Listed Building – Grade II
- Designated: 27 July 1987
- Reference no.: 1156068

Location

= Alston Arches Viaduct =

Alston Arches Viaduct, also known as Haltwhistle Viaduct, is a former railway bridge across the River South Tyne at Haltwhistle in Northumberland, north-east England. It was designed by Sir George Barclay Bruce for the Newcastle and Carlisle Railway's Alston branch and opened in 1852. It closed in 1976 and was re-opened for walkers and cyclists in 2006. It is a Grade II listed building.

==History==
The bridge was built for the Newcastle and Carlisle Railway (NCR) Company to carry its Alston line, a branch line which linked Haltwhistle in Northumberland and Alston in Cumbria. The branch diverged from the Tyne Valley line (the NCR's main line) at Haltwhistle railway station and the Alston Arches was the first significant engineering work on the line. The viaduct was designed by Sir George Barclay Bruce. The line opened in 1851 and began full operation on 17 November 1852 when the viaduct was completed. It closed in 1976. The viaduct was the last major work of the NCR Company before the company was amalgamated into the North Eastern Railway in 1862.

The viaduct is now owned by the North Pennine Heritage Trust, a conservation organisation. It underwent conservation work in the early 21st century and in July 2006 it re-opened as part of a walking and cycling trail. It was officially reopened by the Duke of Gloucester.

==Description==
The viaduct crosses the River South Tyne just east of Haltwhistle.
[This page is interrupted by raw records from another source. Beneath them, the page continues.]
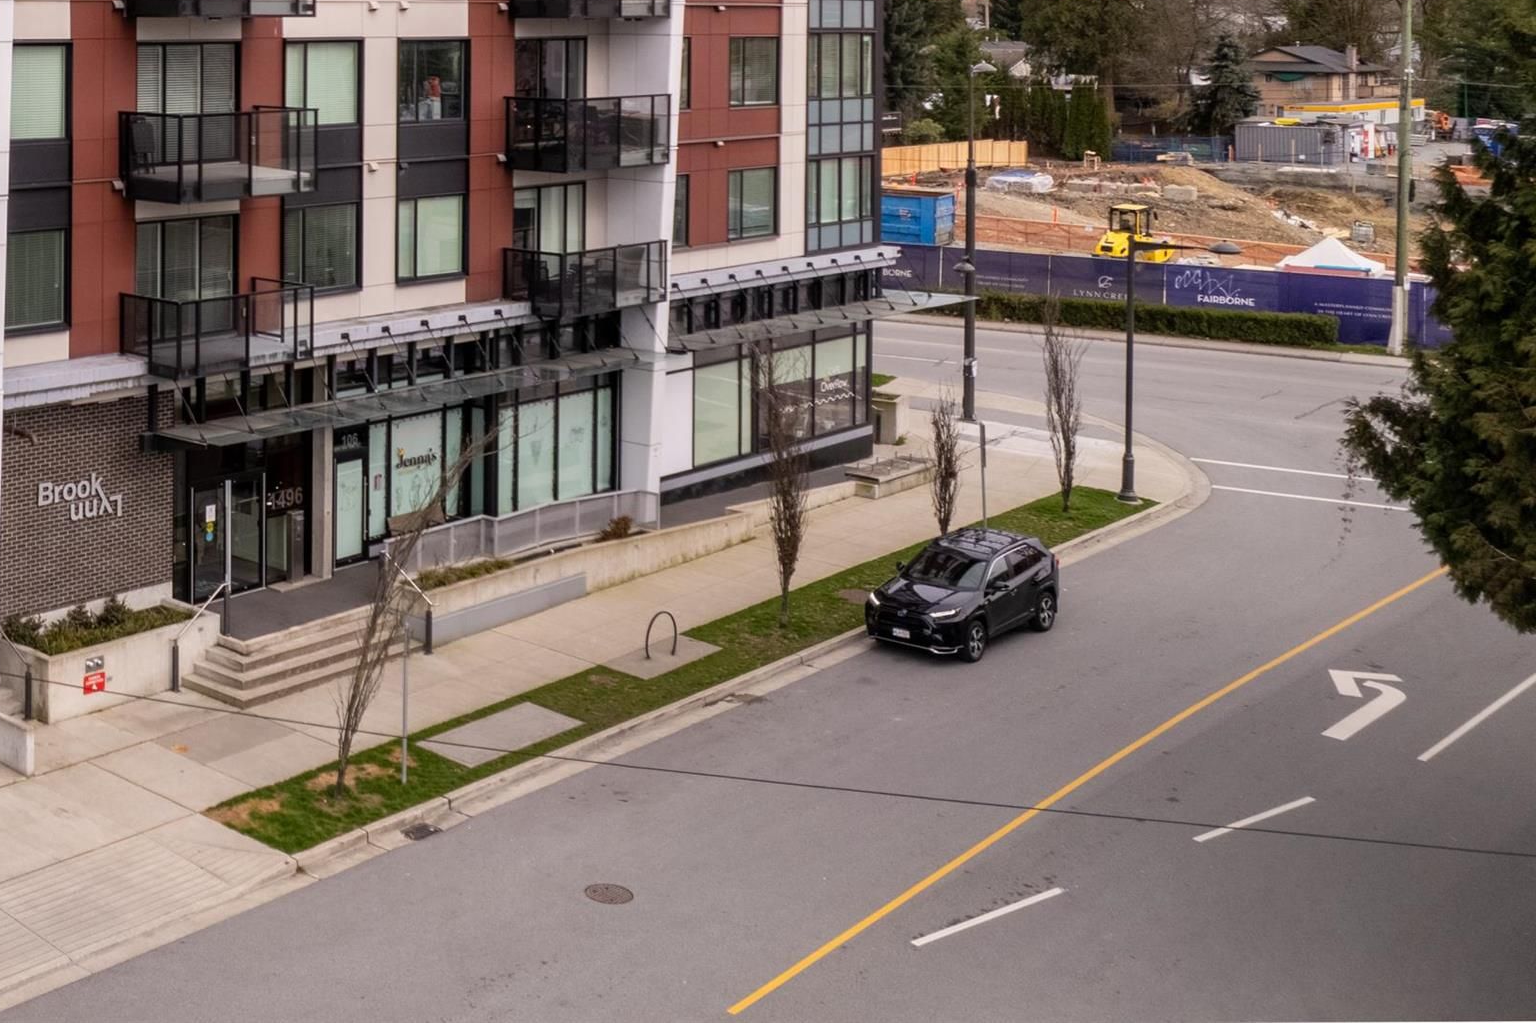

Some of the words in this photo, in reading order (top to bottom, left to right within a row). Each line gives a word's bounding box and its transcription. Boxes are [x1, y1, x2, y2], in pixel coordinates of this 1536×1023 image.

[882, 268, 912, 278] BORNE
[1103, 291, 1128, 300] CRE
[1197, 294, 1256, 307] FAIRBORNE
[342, 433, 359, 448] 106
[396, 448, 438, 469] Jenna's
[38, 473, 104, 506] Brook
[268, 487, 303, 509] 1496
It consists of six arches (four over the river flanked by two land arches) in rusticated, rock-faced sandstone quarried at Fourstones, further east along the South Tyne. It is on a gradient of 1:100 (climbing from the Haltwhistle direction) and is approached on an embankment. The river spans are skewed, segmental arches, each with a span of 53 ft. The land arches are narrower and straight. The piers in the water and on the riverbanks have large, angled buttresses on the outside, which terminate in moulded caps below the parapet level. They rest on high semi-circular cutwaters. The parapet is low and marked with a string course at track level. Round-headed relieving arches are cut into all the piers. There has been some suggestion that these were intended to take a footpath but no such path was ever built and there is no opening on the right bank of the river.

The approach embankment was pierced by the A69 road in 1996 when it was built to bypass Haltwhistle. The viaduct is a Grade II listed building, first designated in 1987, which affords it legal protection. It, along with the nearby Lambley Viaduct, is a National Transport Trust Red Wheel site.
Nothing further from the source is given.